Simple RNN Example 3: Parity

Assume we have a sequence of binary inputs. We’ll consider how to determine the parity, i.e. whether the number of 1’s is even or odd. We can compute parity incrementally by keeping track of the parity of the input so far:

Parity bits:		Input:
0 1 1 0 1 1	\(\longrightarrow\)	0 1 0 1 1 0 1 0 1 1

Each parity bit is the XOR of the input and the previous parity bit. Parity is a classic example of a problem that’s hard to solve with a shallow feed-forward net, but easy to solve with an RNN.

Parity Approach

Let’s find weights and biases for the RNN on the right so that it computes the parity. All hidden and output units are binary threshold units (\(h(x) = 1\) if \(x > 0\) and \(h(x) = 0\) otherise).

Strategy

• The output unit tracks the current parity, which is the XOR of the current input and previous output.
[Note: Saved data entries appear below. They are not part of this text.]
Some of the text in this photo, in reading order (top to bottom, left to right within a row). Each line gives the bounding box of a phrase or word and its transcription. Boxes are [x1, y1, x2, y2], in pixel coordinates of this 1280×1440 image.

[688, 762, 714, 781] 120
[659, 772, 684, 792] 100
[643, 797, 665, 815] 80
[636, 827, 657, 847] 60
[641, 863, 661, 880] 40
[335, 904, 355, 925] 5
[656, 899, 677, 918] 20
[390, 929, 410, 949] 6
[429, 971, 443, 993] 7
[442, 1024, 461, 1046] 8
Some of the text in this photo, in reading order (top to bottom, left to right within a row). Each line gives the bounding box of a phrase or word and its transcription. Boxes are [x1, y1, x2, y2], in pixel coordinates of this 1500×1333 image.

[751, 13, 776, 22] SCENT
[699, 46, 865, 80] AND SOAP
• The hidden units help us compute the XOR.

Parity Approach II

Unrolling Parity RNN

Parity Computation

The output unit should compute the XOR of the current input and previous output:

\(y^{(t-1)}\)	\(x^{(t)}\)	\(y^{(t)}\)
0	0	0
0	1	1
1	0	1
1	1	0

• \(y^{(t)}=0\) meants the number of 1’s in the past input has been even.
• \(y^{(t)}=1\) meants the number of 1’s in the past input has been odd.

Computing Parity

Let’s use hidden units to help us compute XOR.

• Have one unit compute AND, and the other one compute OR.
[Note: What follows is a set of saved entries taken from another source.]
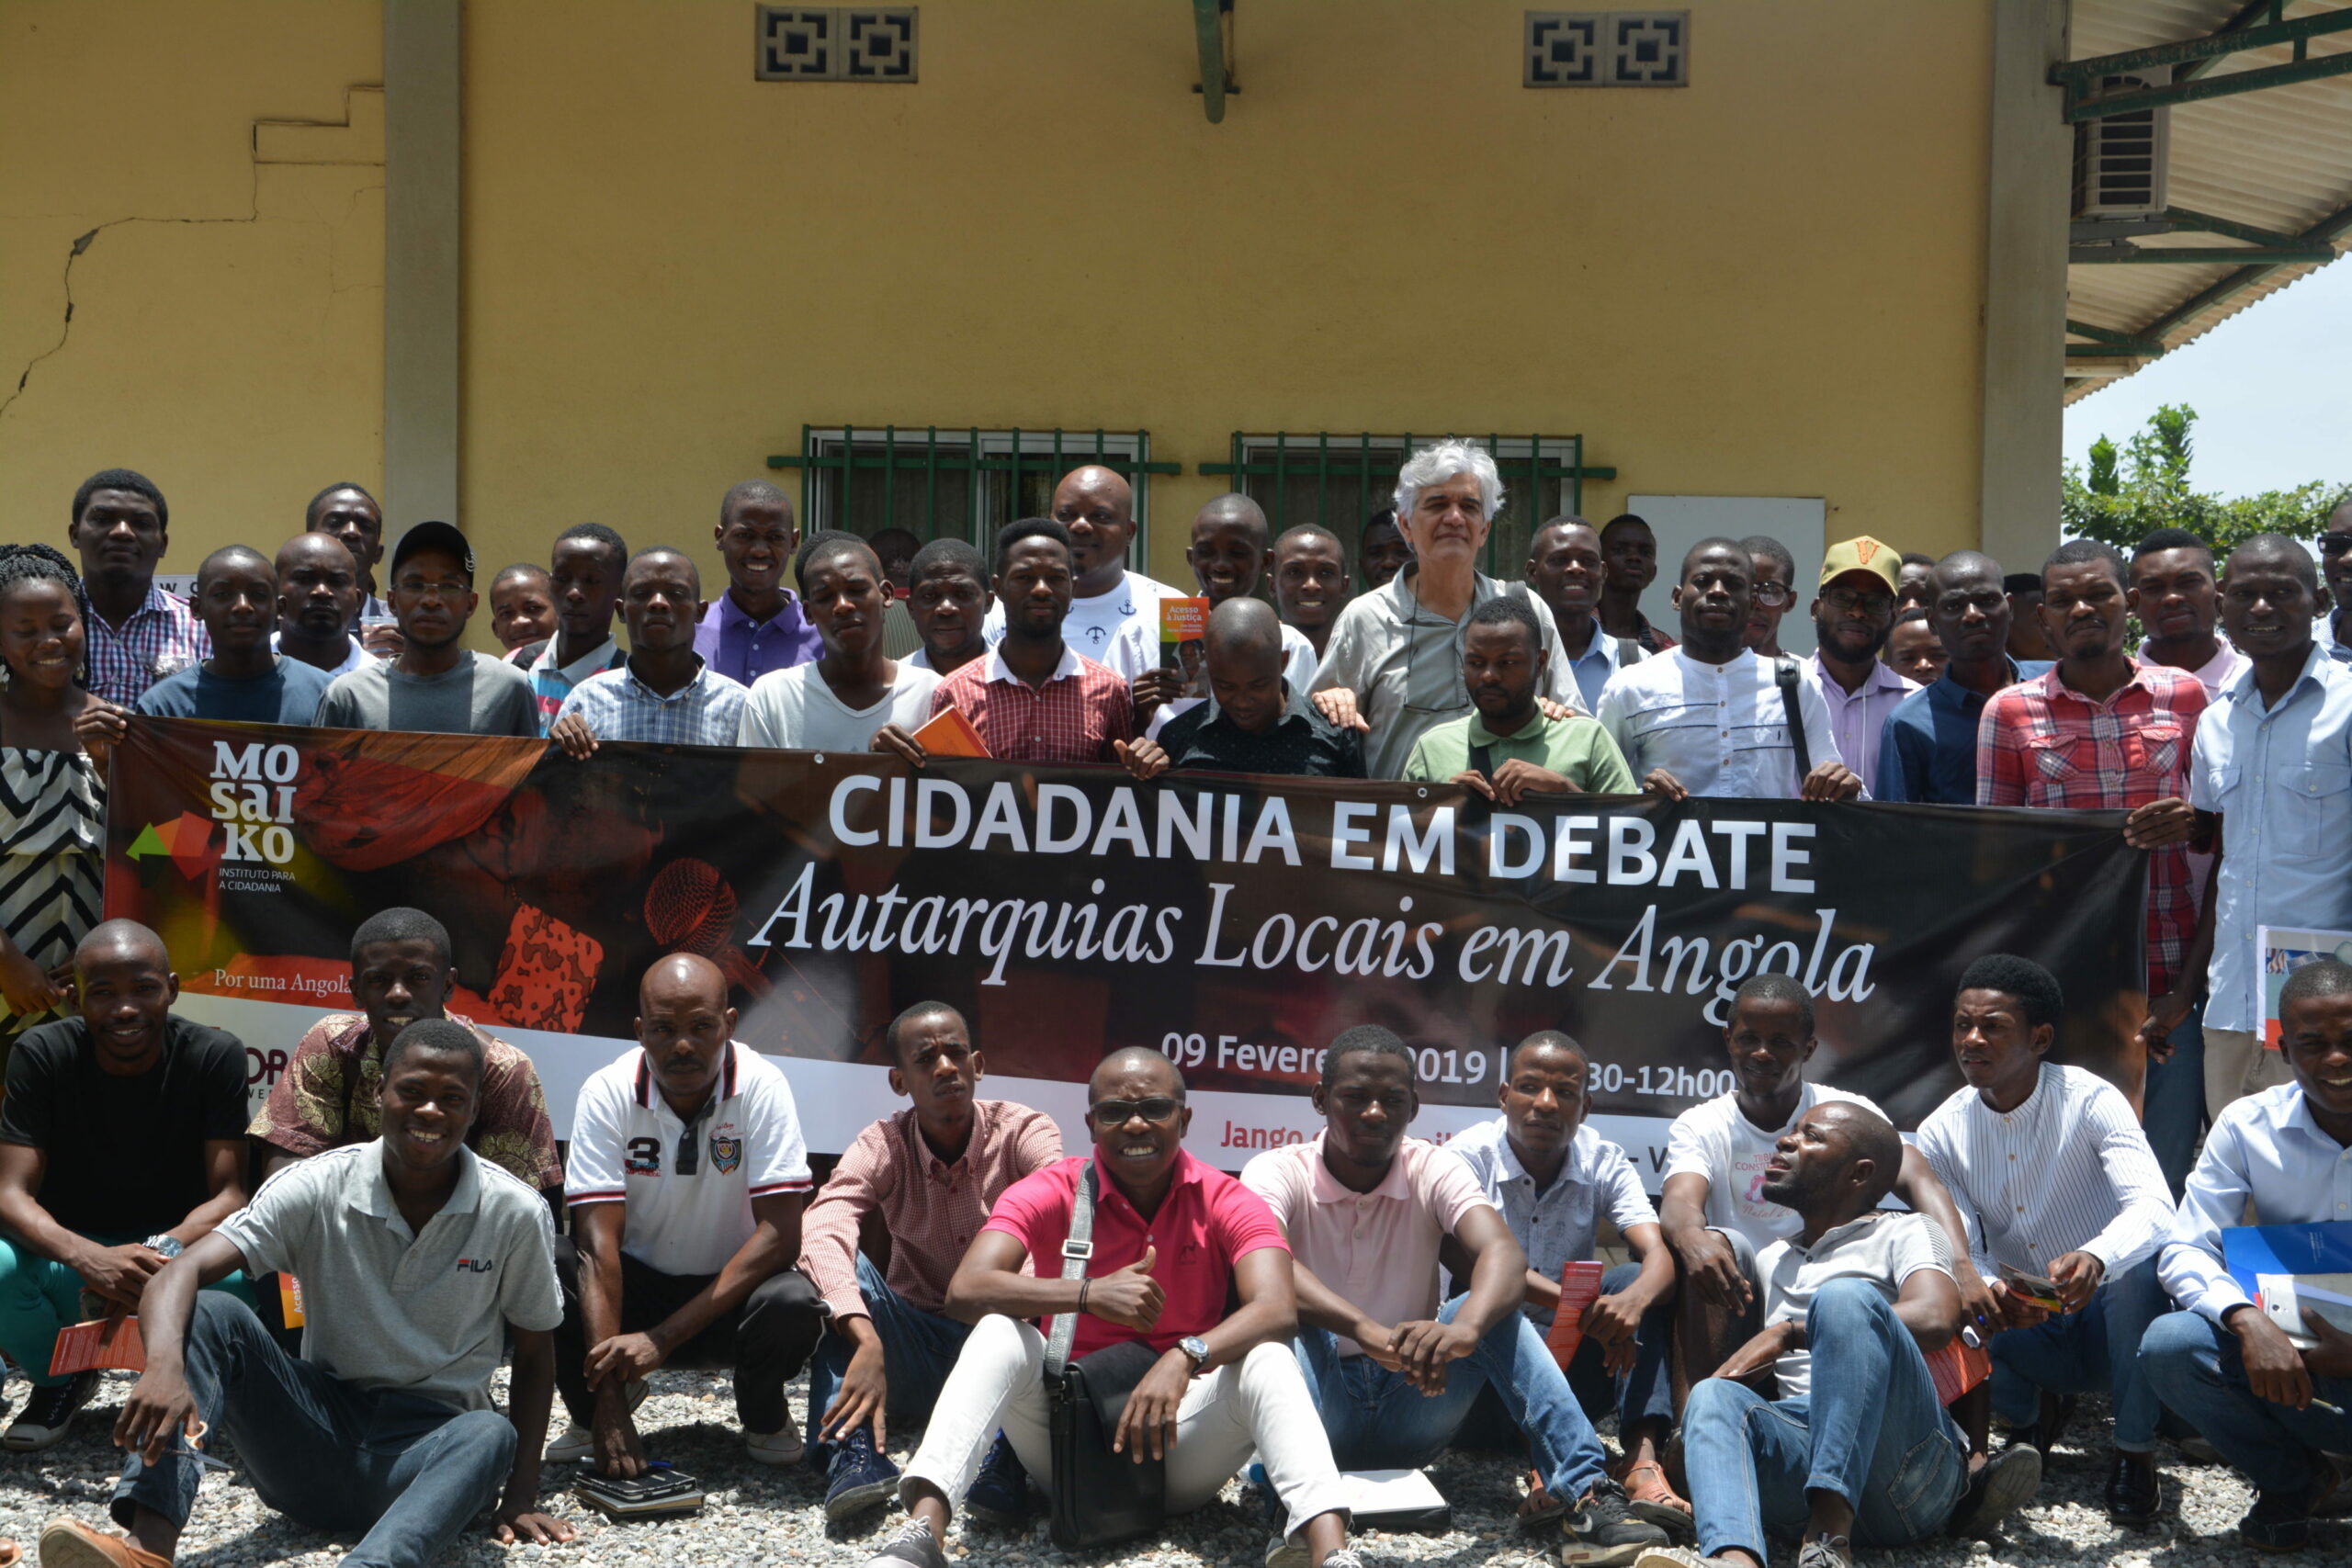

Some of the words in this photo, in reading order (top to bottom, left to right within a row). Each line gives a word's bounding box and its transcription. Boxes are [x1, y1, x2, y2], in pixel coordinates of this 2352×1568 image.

[209, 740, 300, 783] MO
[220, 822, 295, 864] KO
[829, 774, 1302, 866] CIDADANIA
[1330, 801, 1454, 875] EM
[1488, 812, 1816, 893] DEBATE
[219, 867, 269, 880] INSTITUTO
[271, 871, 295, 882] PARA
[219, 881, 226, 890] A
[228, 881, 281, 893] CIDADANIA
[747, 862, 1182, 986] Autarquias
[1195, 883, 1443, 979] Locais
[1459, 922, 1574, 987] em
[1588, 904, 1876, 1027] Angola
[214, 969, 244, 987] Por
[249, 975, 286, 990] uma
[290, 973, 352, 998] Angola
[1161, 1032, 1206, 1067] 09
[1220, 1120, 1303, 1149] Jango
[628, 1137, 660, 1167] 3
[457, 1258, 492, 1273] FILA
[291, 1277, 302, 1314] Acesso
• Then we can pick weights and biases just like we did for multilayer perceptrons.

Computing Parity II

\(y^{(t-1)}\)	\(x^{(t)}\)	\(h_1^{(t)}\)	\(h_2^{(t)}\)	\(y^{(t)}\)
0	0	0	0	0
0	1	0	1	1
1	0	0	1	1
1	1	1	1	0

• \(h_1\) computes and by subtracting -1.5 from the sum of \(y\) and the current input \(x\) and then applying the binary threshold activation function.
• \(h_2\) computes or by subtracting -0.5 from the sum of \(y\) and the current input \(x\) and then applying the binary threshold activation function.

Back Propagation Through Time

As you can guess, we don’t usually set RNN weights by hand. Instead, we learn them using backprop.

In particular, we do backprop on the unrolled network. This is known as backprop through time.

Unrolled BPTT

Here’s the unrolled computation graph. Notice the weight sharing.

What can RNNs compute?

In 2014, Google researchers built an encoder-decoder RNN that learns to execute simple Python programs, one character at a time! https://arxiv.org/abs/1410.4615

What can RNNs compute?

RNNs are good at learning complex syntactic structures: generate Algebraic Geometry LaTex source files that almost compiles:

http://karpathy.github.io/2015/05/21/rnn-effectiveness/

Sentiment Analysis with Recurrent Neural Networks

RNN for language modelling

Usually, the sequence of inputs \(x_t\) will be vectors. The hidden states \(h_t\) are also vectors.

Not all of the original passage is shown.